Melnick and his coauthors offer several regulatory approaches for leveling the playing field and increasing competition in health care markets in order to lower prices.
First, states could make reimbursement for out-of-network emergency services less lucrative. Melnick and his coauthors suggest that regulators could limit what plans are required to pay for emergency services without requiring the patient to pay the difference, such as by capping fees at a fixed percentage of what Medicare pays for the service. Alternatively, payment could be linked to the negotiated, contract price of the service in the local market. These approaches would prevent hospitals from billing at above-market rates for emergency services, making it less expensive for a health plan to exclude a hospital from its network.
Second, antitrust regulators could expand their analysis to include hospital consolidations occurring across markets, rather than focusing on the impact in local markets. Melnick and his coauthors argue that it is especially important to adapt regulatory oversight in this way because hospital systems add hospitals in different geographic markets, which increases their leverage when contracting.

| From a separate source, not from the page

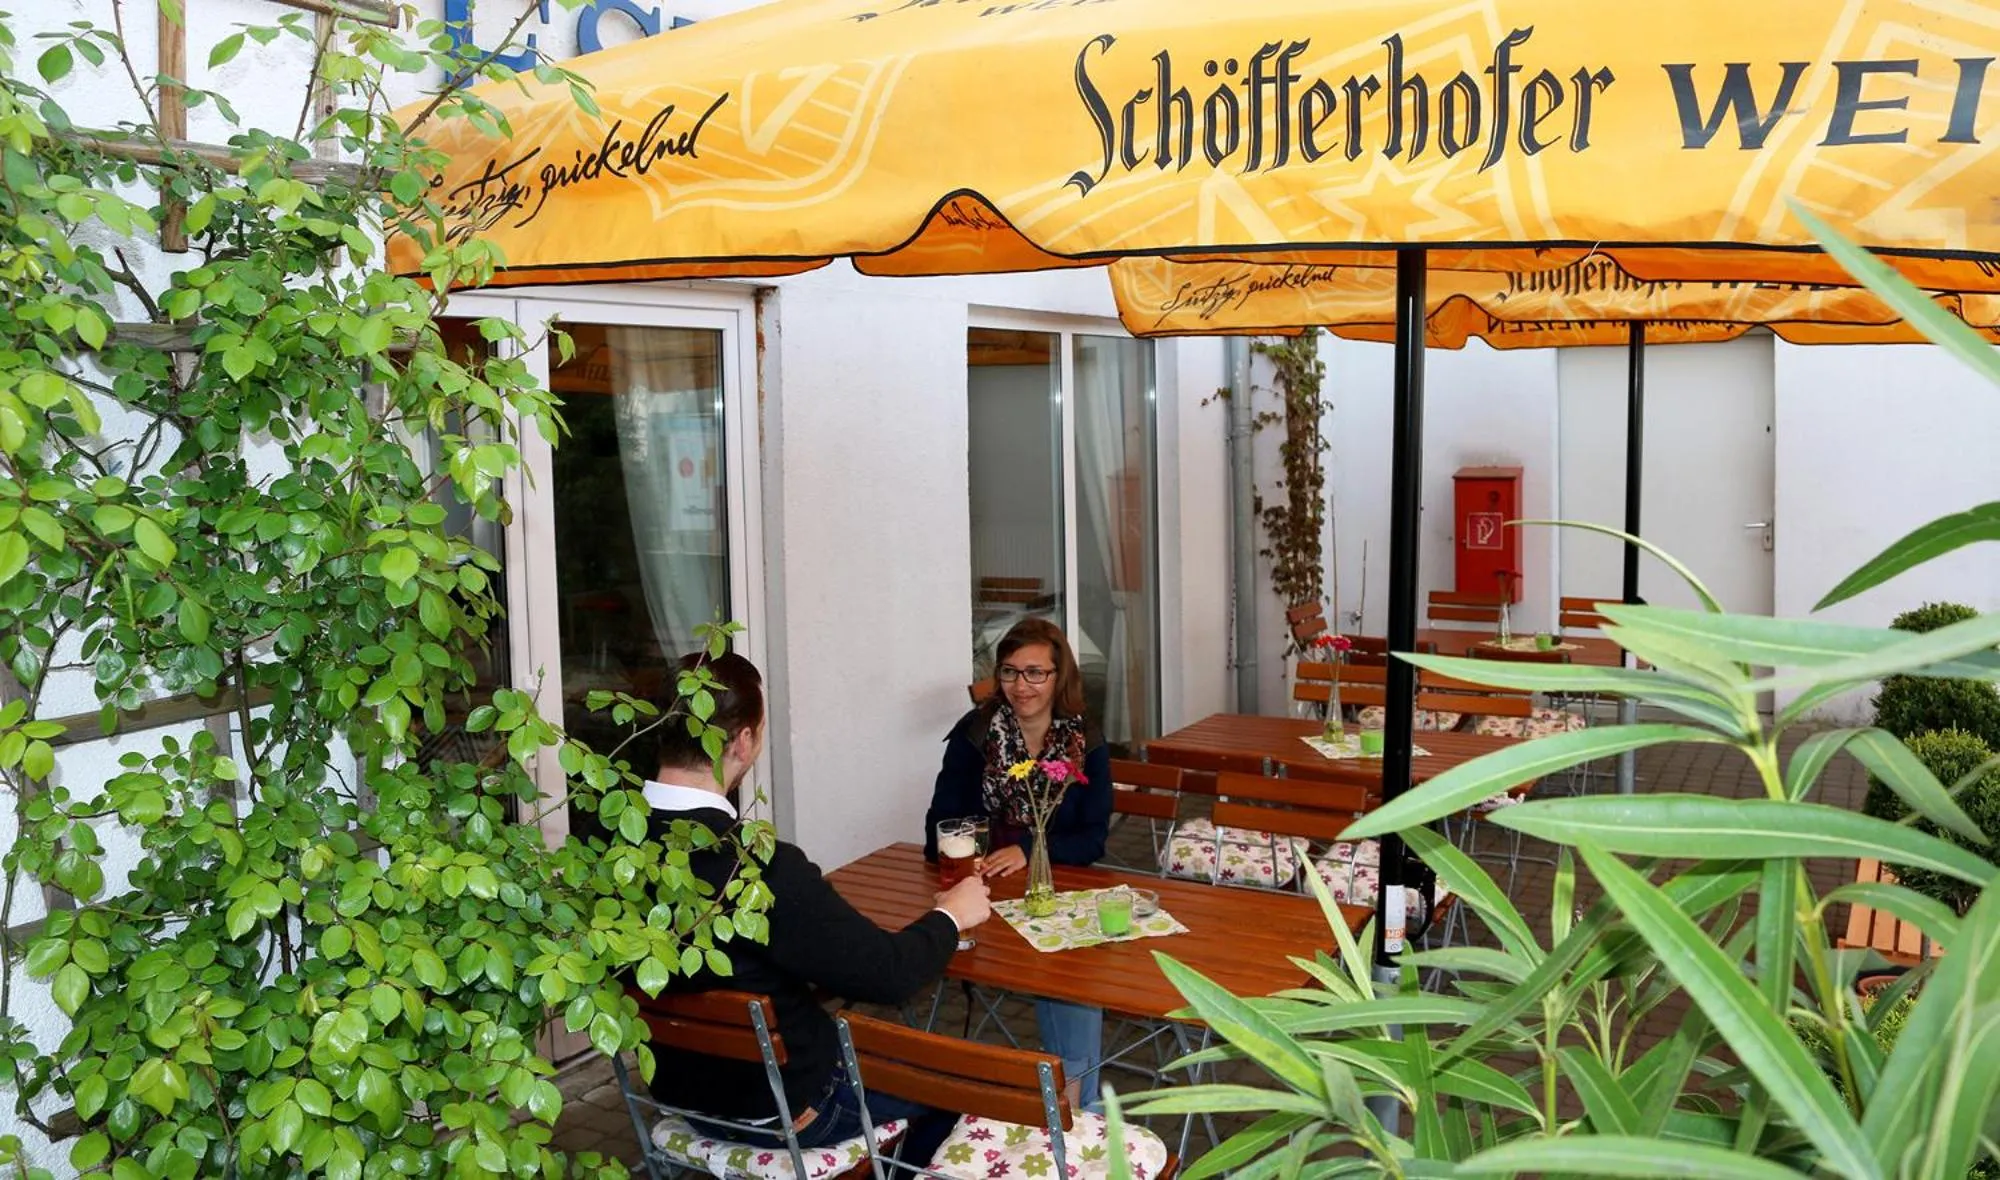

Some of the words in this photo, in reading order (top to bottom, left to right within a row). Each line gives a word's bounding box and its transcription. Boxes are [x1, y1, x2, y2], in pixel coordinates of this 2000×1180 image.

[513, 92, 730, 229] prickelnd
[1062, 25, 1616, 198] Schöfferhofer
[1660, 57, 1996, 150] WEI

Finally, California lawmakers proposed a bill, SB-538, that sought to limit anticompetitive contracting practices in negotiations between health plans and large hospital systems. The bill was recently withdrawn, but Melnick and his coauthors point to such legislation as an option for eliminating all-or-nothing contracting. SB-538 would have prohibited hospital systems from requiring plans to include all its member hospitals in the contract.
These regulatory approaches and policy options could help to restore competitive conditions in California’s health care markets, write Melnick and his coauthors, allowing the state to once again control rising health care prices.